As regards shelter, if you mean to hotel, you don't have to
carry tent, sleeping bag, bedroll, or think about how to roll a
pillow out of your clothes. If you mean to stealth camp, you
don't need to worry about a tent, just leave the bivy sac on the
sleeping bag, and roll it up with the bedroll.
As regards food, if you are going to eat out exclusively, you
only need money. If you are willing to settle for food that
does not need to be cooked, a plate, utensils and a can opener, and
space for a small supply of food, will be enough. If you want
to cook yourself nice, hot meals, you will need a stove and fuel
and maybe some more pans and implements. If you mean to do it
in undeveloped places, you will need 2 liters of water per meal, to
cook and clean and drink.
As regards clothing, if you will never need to look good, you
can stick to t-shirts, polar fleece and smartwool, or whatever you
like. I would mention that many world travelers bring one
outfit that is suitable for parties, because they might get invited
into someone's life for an evening. If you will be out up to
five days, you might bring enough clothes to last the whole
way. If you will be out longer, you just bring 3-5 days
worth, and do laundry somewhere.
Just to let you know how lightly you can pack and remain
content, Lois Pryce, hardcore as she is, brings only one set of
clothes for riding, one for parties, for a nine month trip.
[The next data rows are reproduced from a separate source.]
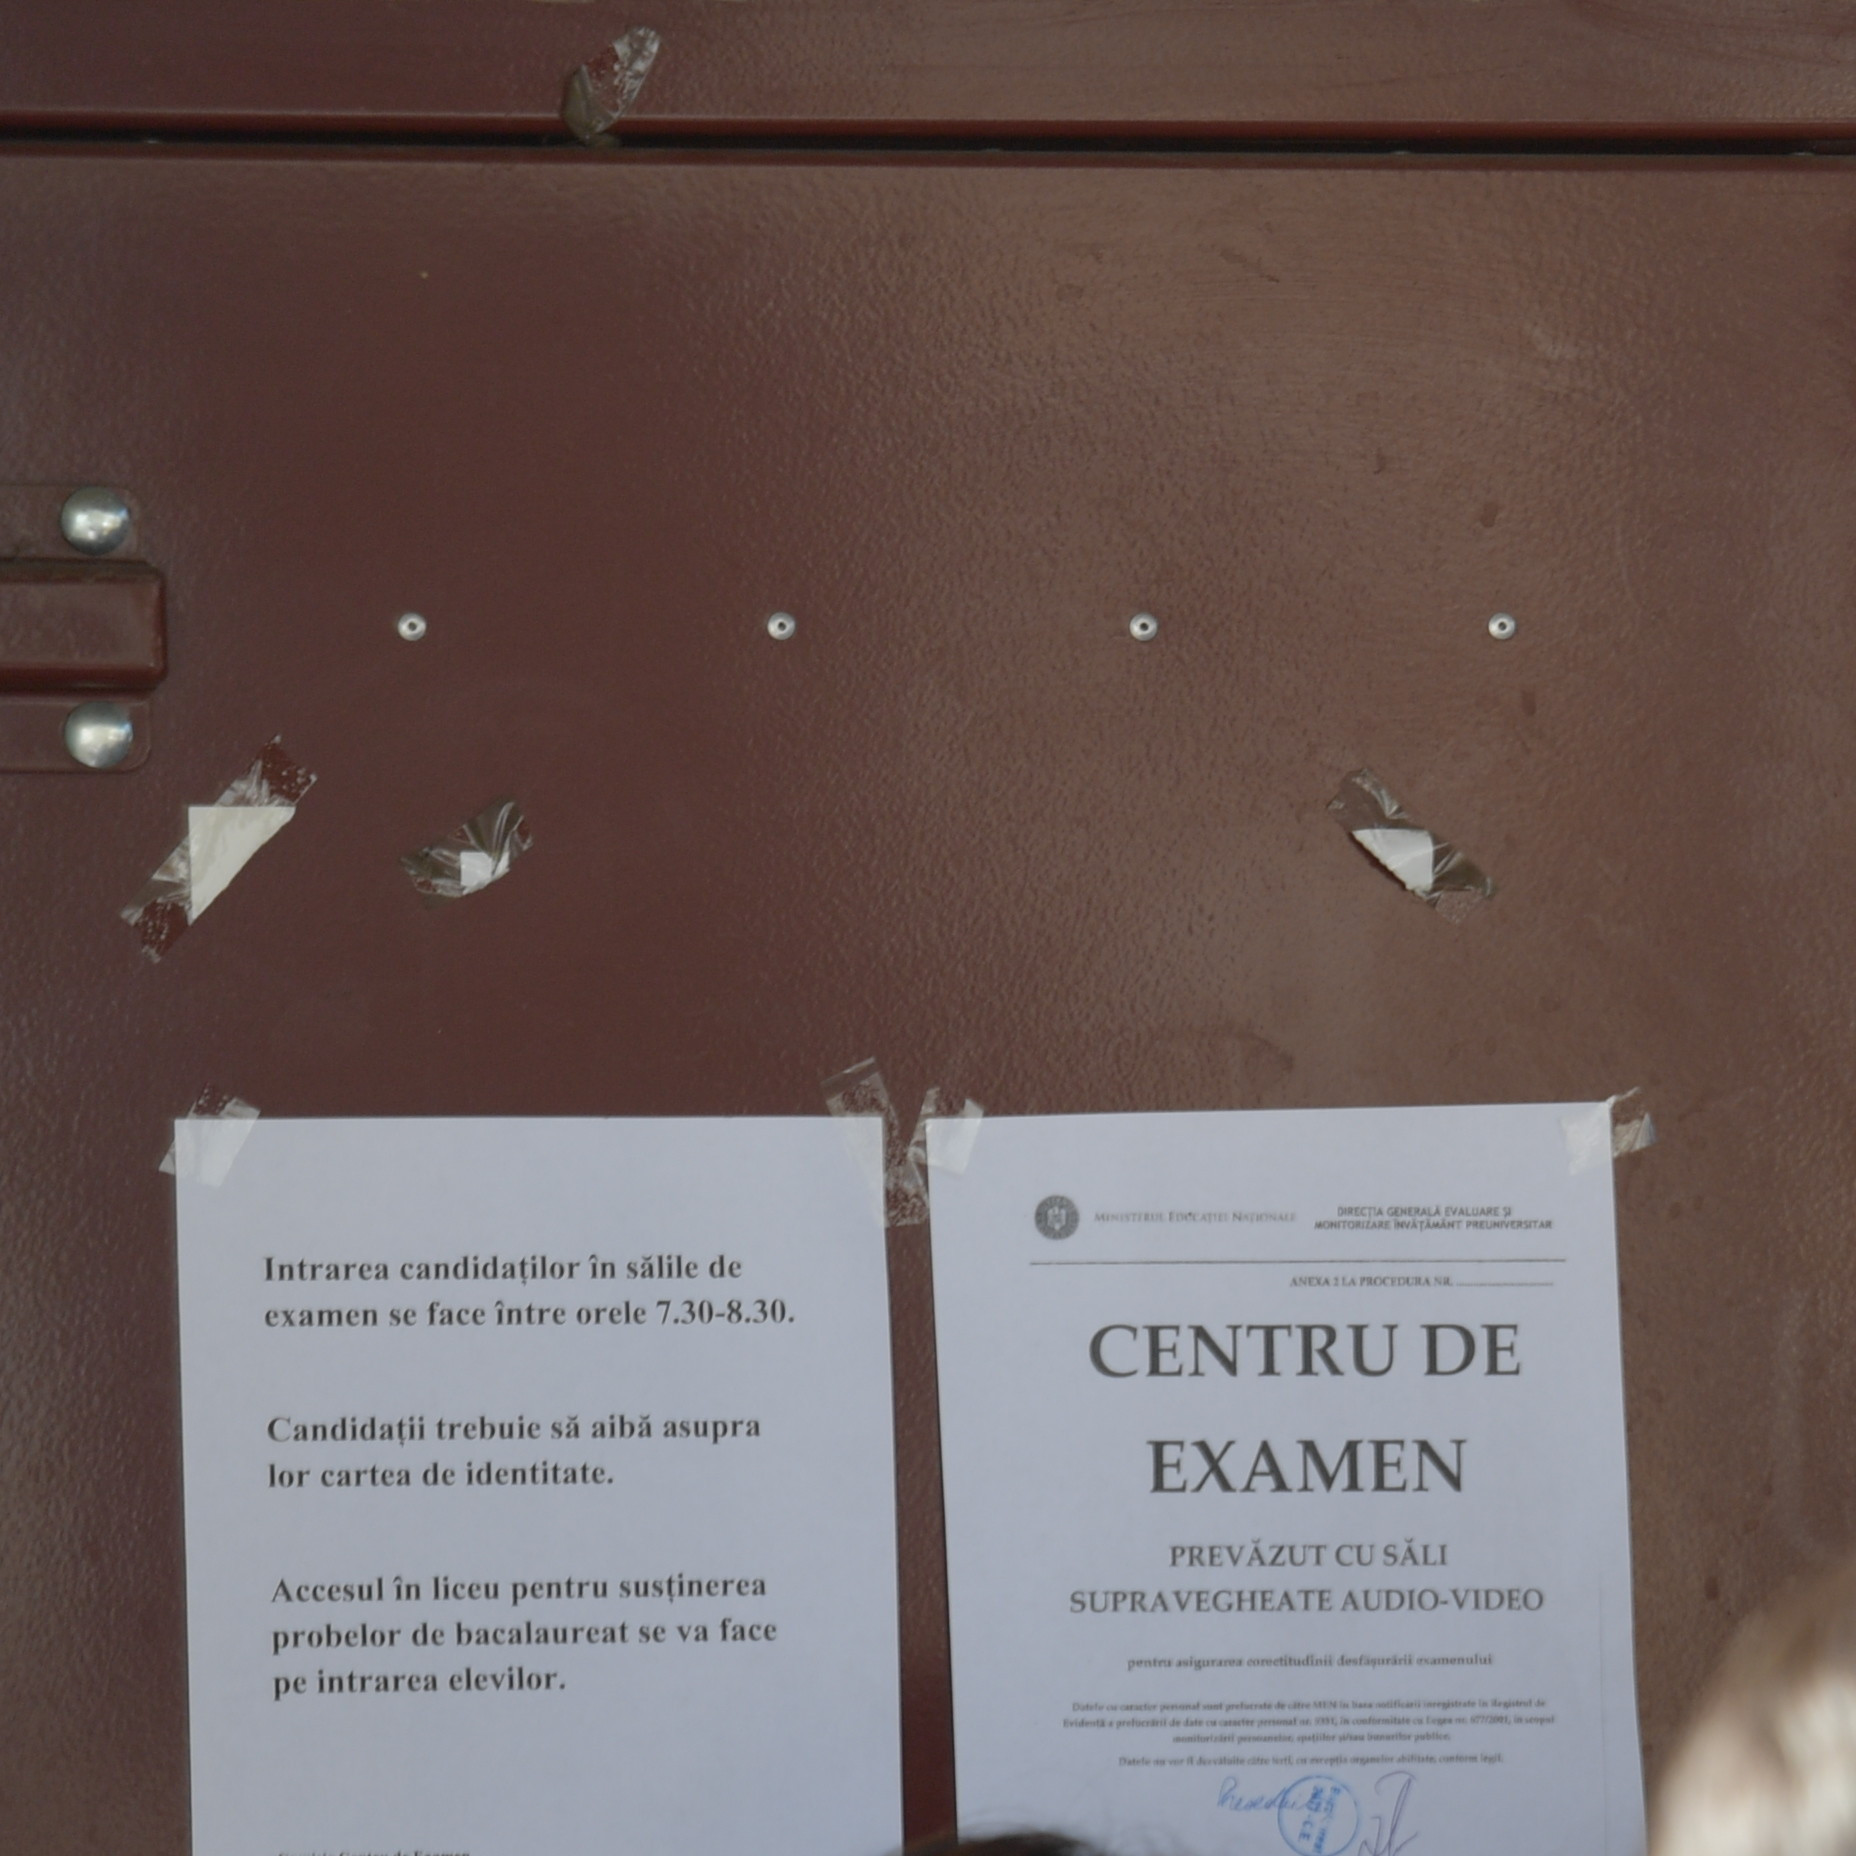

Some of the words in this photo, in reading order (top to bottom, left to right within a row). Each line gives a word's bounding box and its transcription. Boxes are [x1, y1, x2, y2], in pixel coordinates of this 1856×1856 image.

[1314, 1220, 1390, 1231] MONITORIZARE
[1466, 1219, 1552, 1230] PREUNIVERSITAR
[1337, 1206, 1383, 1219] DIRECȚIA
[1386, 1204, 1441, 1217] GENERALĂ
[1445, 1206, 1500, 1217] EVALUARE
[264, 1257, 389, 1282] Intrarea
[400, 1255, 580, 1285] candidaților
[590, 1254, 617, 1280] în
[626, 1254, 699, 1279] sălile
[709, 1254, 742, 1279] de
[1290, 1276, 1331, 1288] ANEXA
[1333, 1276, 1339, 1287] 2
[1341, 1276, 1356, 1287] LA
[1359, 1275, 1430, 1288] PROCEDURA
[264, 1306, 378, 1328] examen
[389, 1306, 417, 1327] se
[427, 1301, 486, 1327] face
[495, 1300, 567, 1326] între
[576, 1300, 647, 1325] orele
[655, 1299, 796, 1325] 7.30-8.30.
[1089, 1323, 1398, 1378] CENTRU
[1420, 1323, 1521, 1376] DE
[267, 1416, 427, 1447] Candidații
[436, 1415, 541, 1441] trebuie
[551, 1415, 580, 1440] să
[592, 1415, 653, 1439] aibă
[663, 1417, 761, 1444] asupra
[268, 1462, 311, 1487] lor
[321, 1465, 411, 1487] cartea
[422, 1462, 456, 1486] de
[466, 1461, 615, 1486] identitate.
[1146, 1438, 1467, 1494] EXAMEN
[1168, 1539, 1327, 1568] PREVĂZUT
[1334, 1544, 1376, 1568] CU
[1382, 1537, 1448, 1567] SĂLI
[271, 1578, 384, 1602] Accesul
[394, 1576, 422, 1601] în
[433, 1576, 500, 1601] liceu
[511, 1580, 608, 1605] pentru
[618, 1573, 766, 1603] susținerea
[1068, 1589, 1333, 1614] SUPRAVEGHEATE
[1340, 1587, 1545, 1612] AUDIO-VIDEO
[272, 1622, 402, 1655] probelor
[411, 1622, 446, 1646] de
[455, 1620, 630, 1646] bacalaureat
[638, 1624, 667, 1644] se
[677, 1625, 709, 1643] va
[719, 1617, 778, 1642] face
[1127, 1657, 1172, 1672] pentru
[1175, 1656, 1243, 1671] asigurarea
[1246, 1654, 1333, 1668] corectitudinii
[1337, 1653, 1413, 1669] desfășurării
[1416, 1653, 1493, 1666] examenului
[273, 1674, 307, 1700] pe
[317, 1668, 439, 1694] intrarea
[448, 1666, 567, 1691] elevilor.
She also foregoes any cooking equipment or tent, staying with
friends in the developed countries, and paying whoever is there for
food and shelter in the developing world. It helps if all the
clothing is such that you can wash and dry it together. Polar
Fleece, Merino wool and microfiber are your friends. Try to
avoid all other kinds of clothes, on the road. They are warm
and cool, reasonably comfortable when wet, good for layering, and
don't store much water, even in the rain, so they dry fast.
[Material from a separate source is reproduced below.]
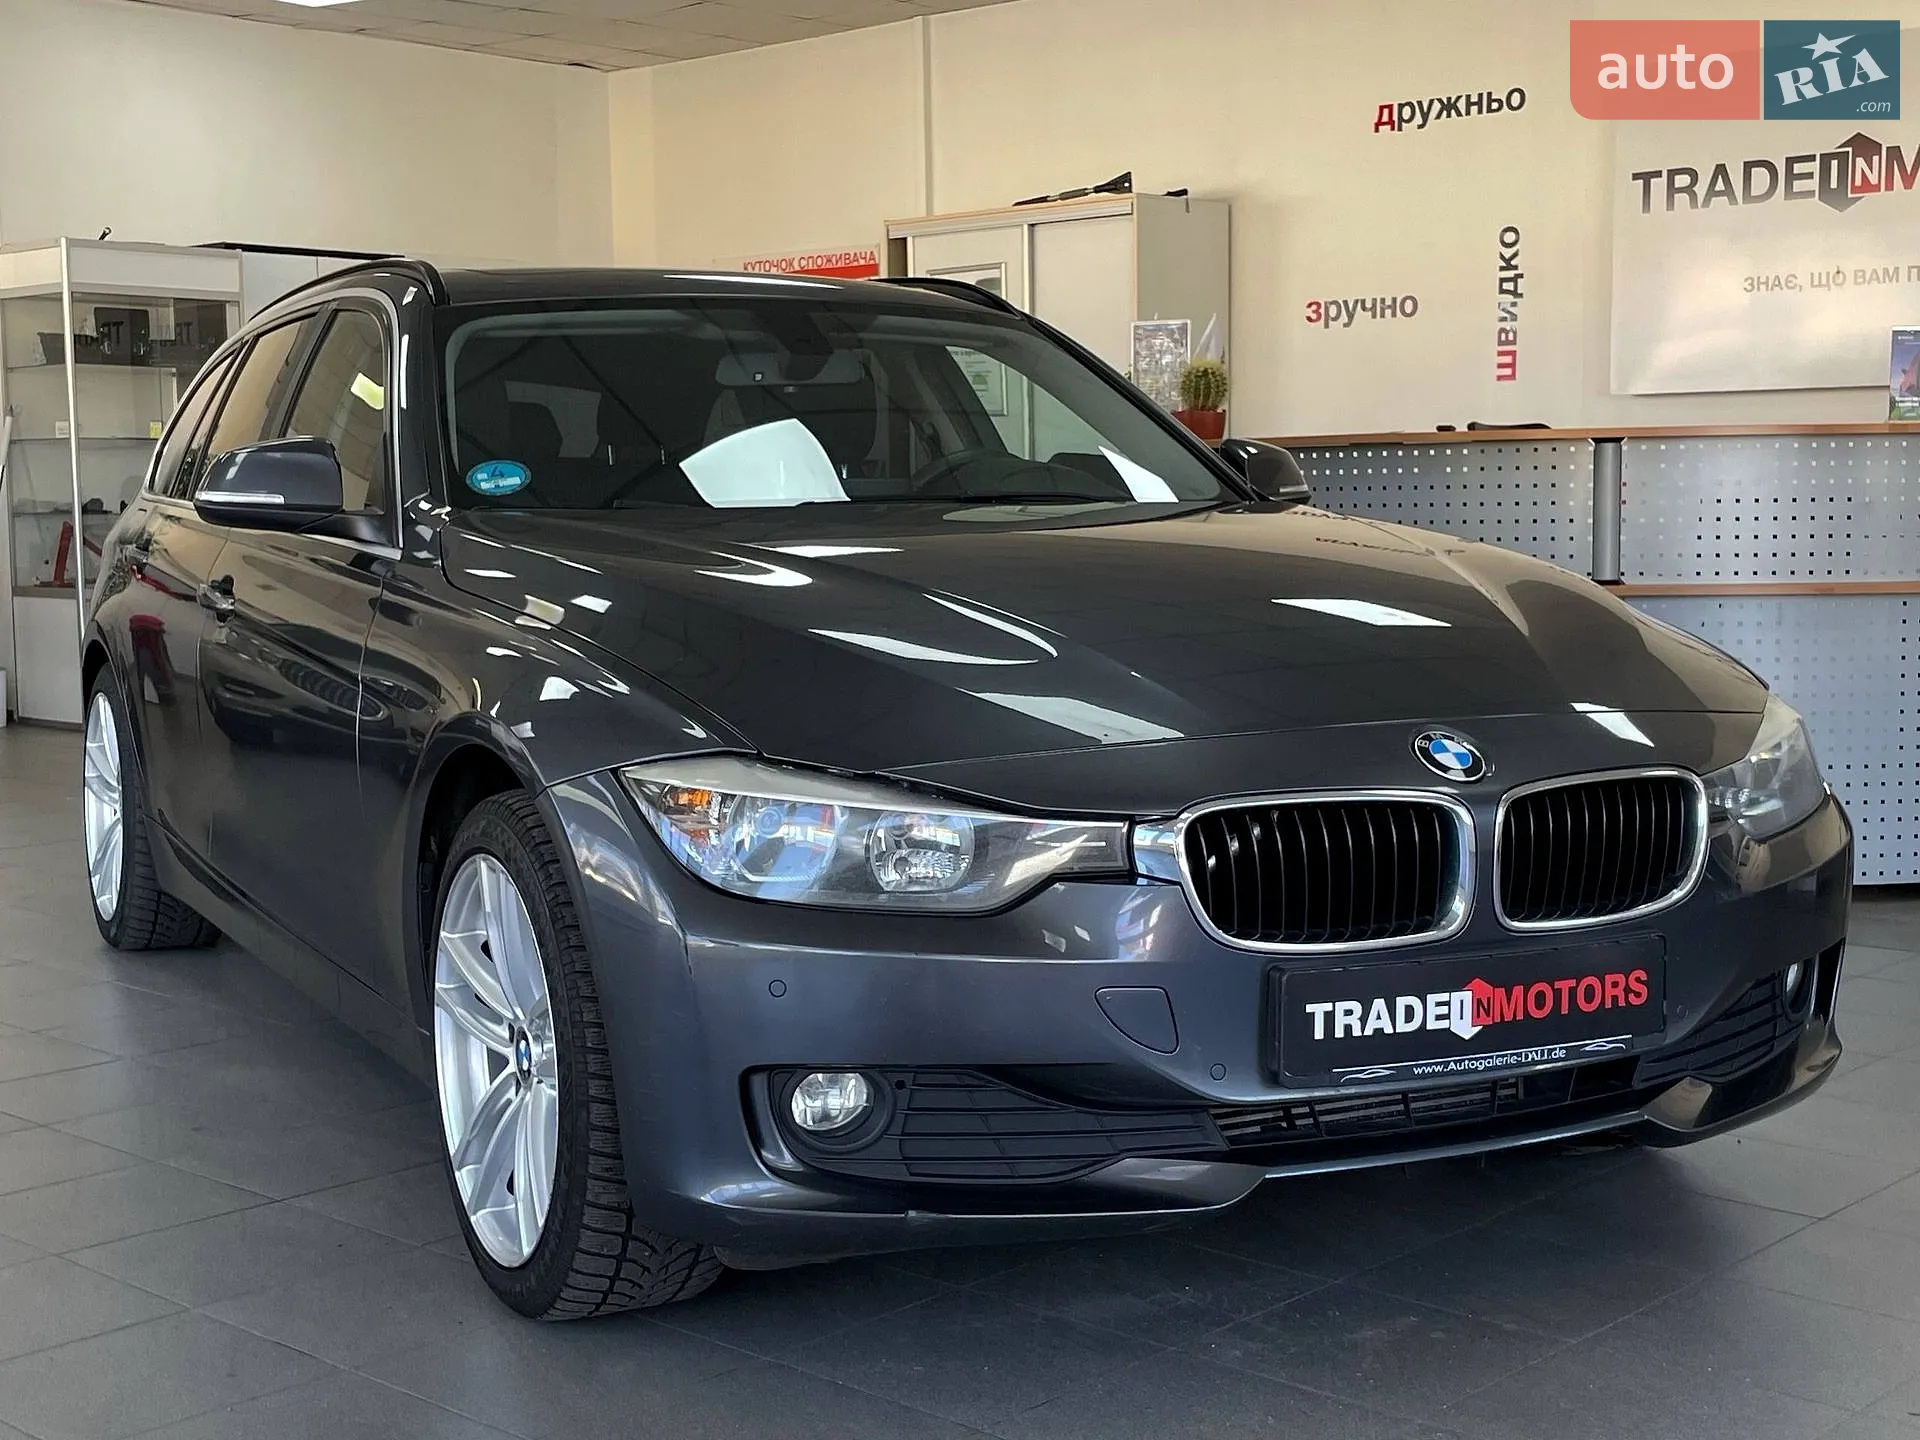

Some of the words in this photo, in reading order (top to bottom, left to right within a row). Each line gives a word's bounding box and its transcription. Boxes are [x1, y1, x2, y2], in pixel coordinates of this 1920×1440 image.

Cotton is OK in really nice weather and short trips, but it is bad
if you sweat, and bad if you stay in the cold. It is also
more abrasive to sit on, and sticks to your skin. That is bad
after eight hours in the saddle.
As regards tools and supplies, there is a strange
situation. The more you know about maintenance, the more
tools you need to bring. I know tons. So if I'm going
more than 200 miles one way on my small bike, I bring a full set of
wrenches and screwdrivers, steel wire, electrical wire, electrical
tape, spark plugs, bulbs, motor oil, coolant, chain oil, a tire
patch kit, tire irons, and any other equipment necessary to do a
tune up or electrical repair.
If you do not know much, do not bring anything that you do not
know how to make use of, because if you have a problem, someone
else is going to solve it. You might bring a supply of parts
special to your bike, in case the mechanic needs them. Make
sure you have a strategy for how to contact them. Most of us
are somewhere in between.
From a self-fix perspective, I bring anything I expect to need
based on the maintenance schedule, plus anything that my recent
dealings with the bike show might be needed, plus a supply of parts
which cannot wait once they bust, and which give no warning, like
core electrical failures, countershaft seals, oil, spark plugs.
On your person you should carry a water bag (1.5L or more) and
hose you can drink from while under way, and a terrycloth towel to
clean the bugs off your visor. You wet the towel with the
water. You also drink the water. This increases your
endurance in hot weather, and reduces the need to stop.
If you ever feel lousy after hours in the heat, especially if
you feel achy, crampy and beat up and you are thinking wrong, it is
about water and electrolytes. Drink a V8. The tomato
juice. It is at any gas station, and has more Sodium and
Potassium than anything that isn't toxic. That and a lot of
water will straighten you out within an hour.
As regards personal stuff:
If you need to do work from the road, you need to be able to
carry and protect your home office. You might need a vessel
that locks, like a top box. This is very helpful to have a
hedge against theft, even if you are willing to risk the rest of
your kit on occasion.
Otherwise, it is very individual. Do not forget
prescription drugs, ways to address known health problems,
sunscreen, emergency contacts. If you mean to stand still
outside in the Midwest in the summer months, bring bug
repellent. A person can forget.
Preparation:
Develop a method, a set of things you just throw in a bag and
go. I can pack for a weekend trip and leave in three
hours. This lowers the bar on a good time.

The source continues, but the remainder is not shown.